The current study is the first to demonstrate that prior repeated THC exposure persistently and profoundly impairs attentional performance in the rat. In addition, these data show that the THC-induced behavioral impairments are persistent (at least 14 days). These impairments are consistent with the cortical dopaminergic dysfunction observed in rats (Jentsch et al, 1998; Verrico et al, 2003), neurocognitive deficits in humans, as assessed by neuropsychological tasks (Solowij, 1998; Pope et al, 2001), and cortical alterations observed using brain imaging techniques (Tunving et al, 1986; Mathew et al, 1989; Volkow et al, 1996). Thus, the THC-induced attentional impairments reported here could provide a useful animal model to investigate the mechanism(s) involved in the pathophysiology of THC-induced cognitive dysfunction, and possibly result in the development of improved and/or novel therapeutic strategies for putative THC-induced neurocognitive deficits.
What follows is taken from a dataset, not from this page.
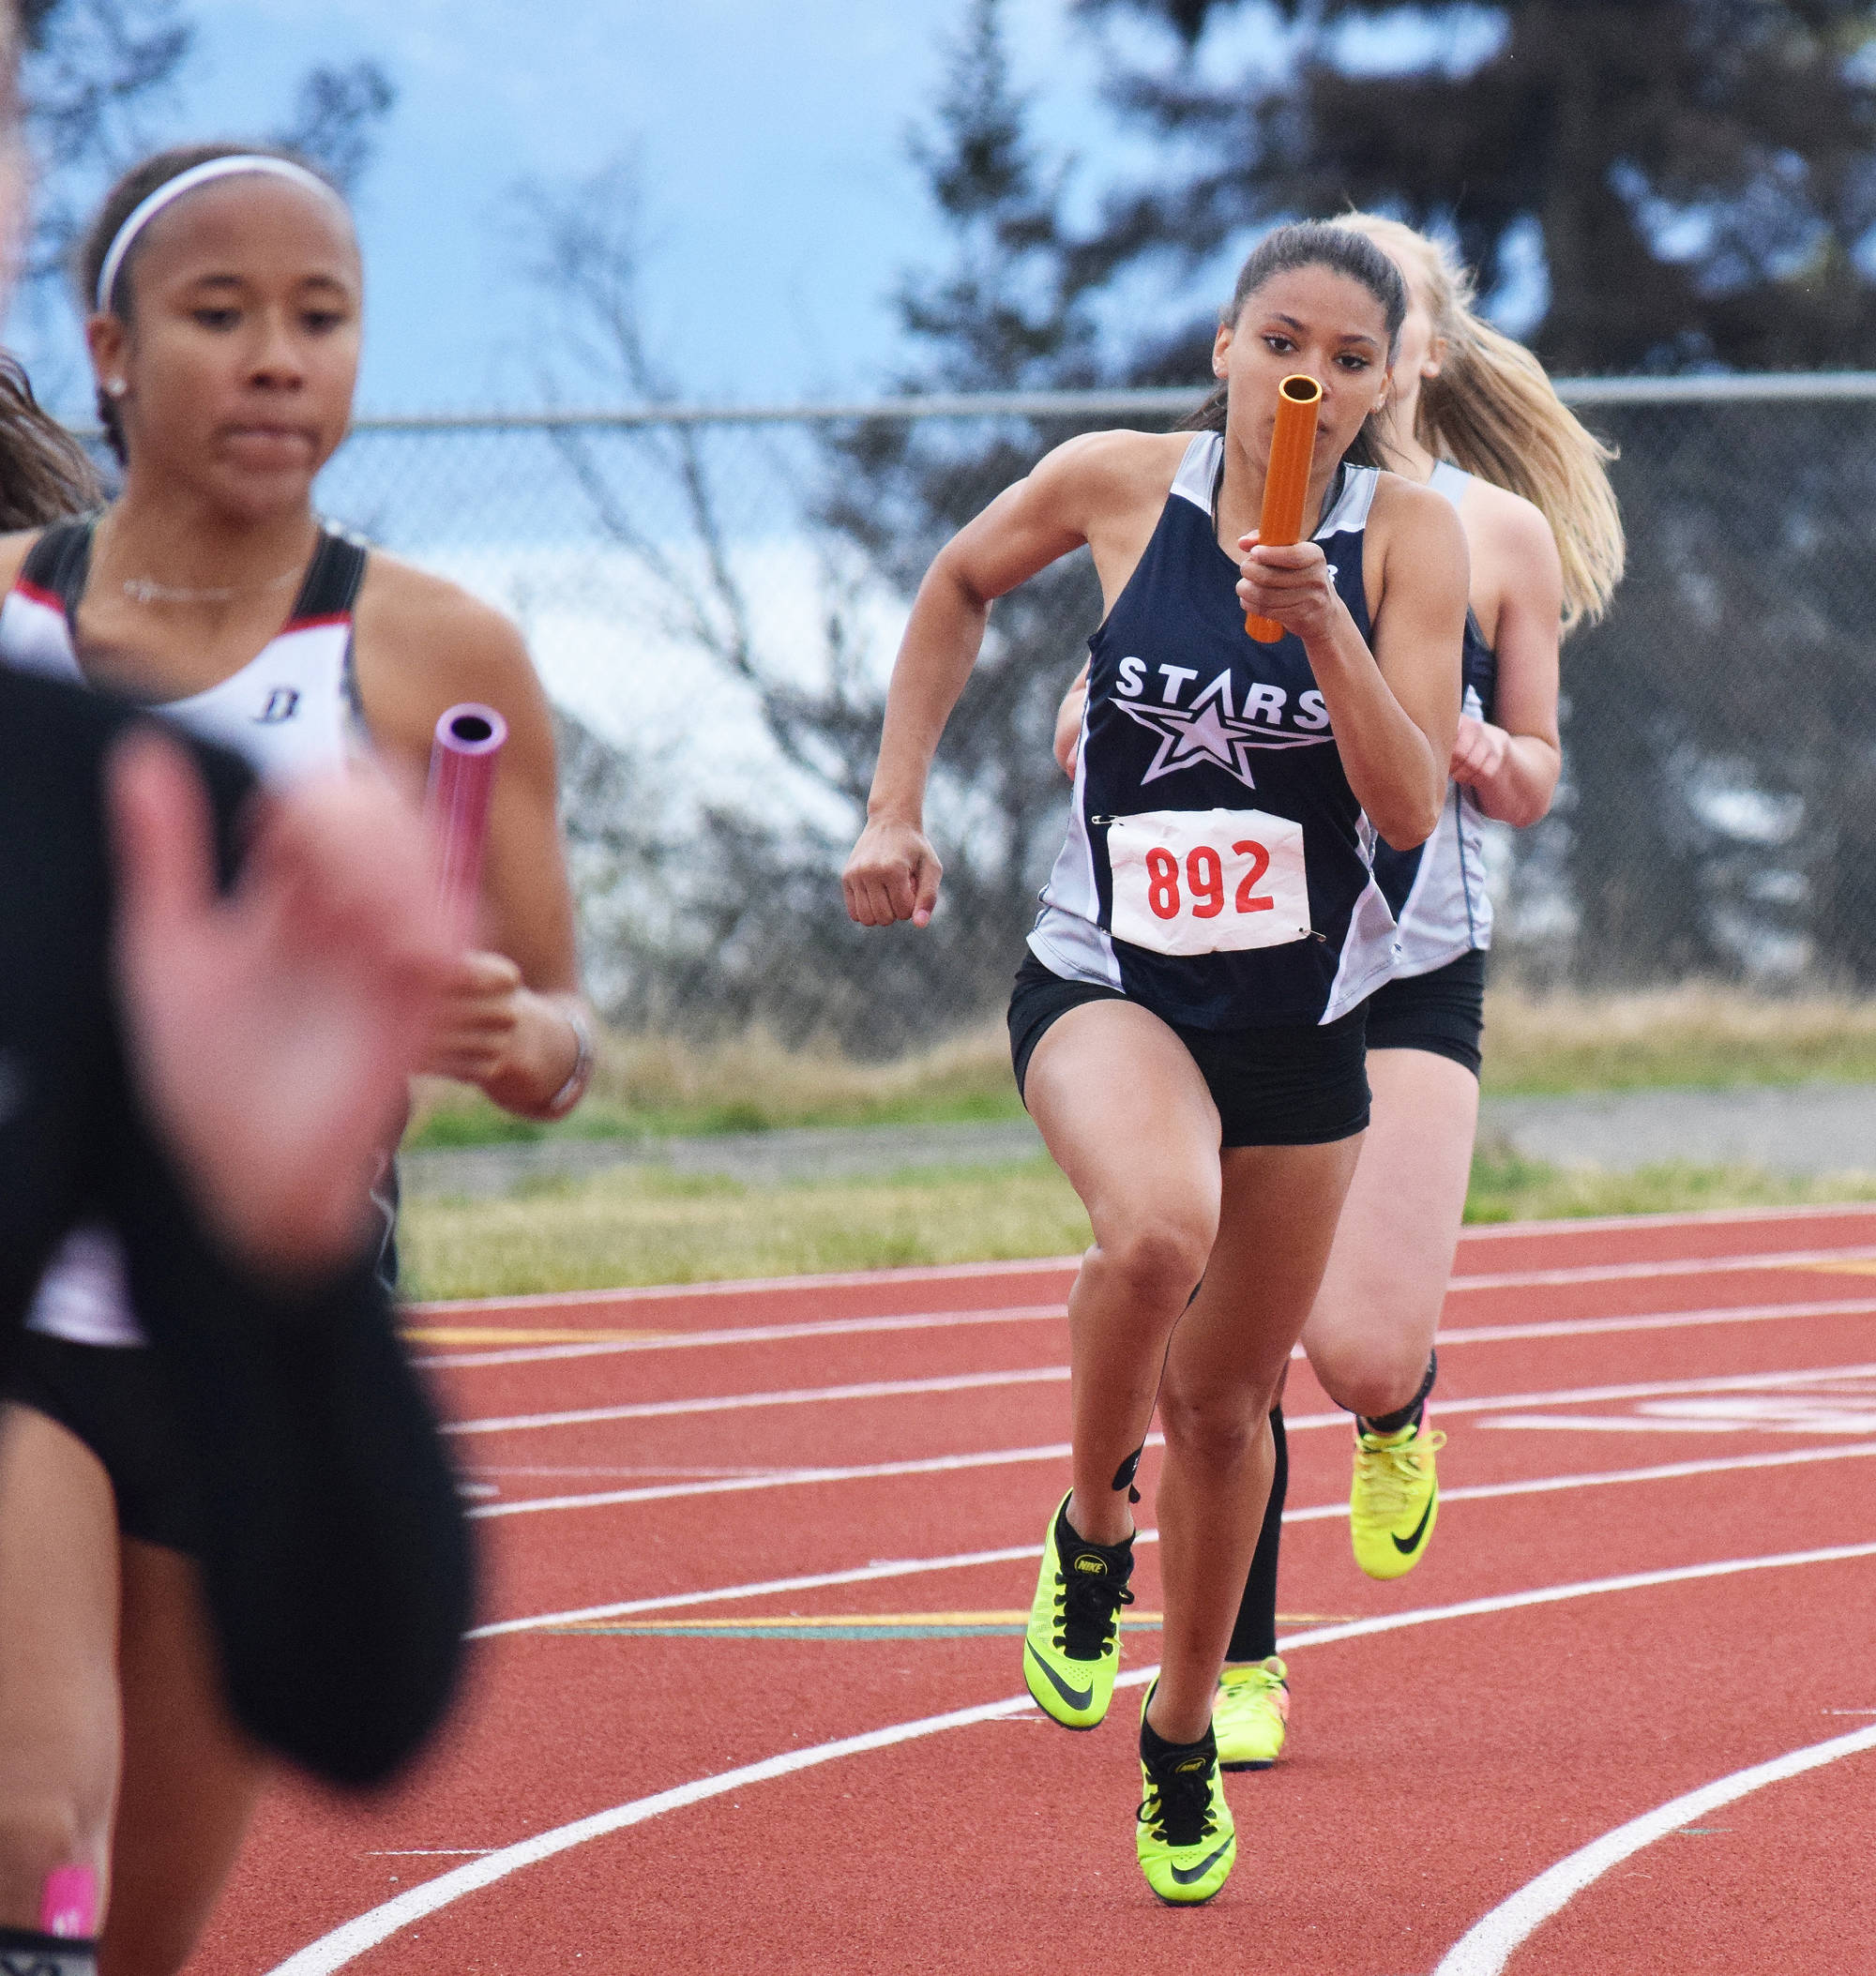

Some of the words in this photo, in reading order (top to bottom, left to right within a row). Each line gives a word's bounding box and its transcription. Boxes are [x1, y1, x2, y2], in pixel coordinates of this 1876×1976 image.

[1115, 656, 1330, 730] STARS
[1145, 839, 1274, 919] 892
[1078, 1560, 1103, 1573] NIKE
Finally, the ability of a stimulant to reverse these attentional impairments suggests that prior exposure to THC or cannabinoid agonists might be a useful pharmacological method to model the aspects of attentional deficit hyperactivity disorder (ADHD), which is also thought to be associated with dysfunction of prefrontal cortical systems (Biederman and Faraone, 2002; Bush et al, 1999; Ernst et al, 1998, 2003; Rubia et al, 1999).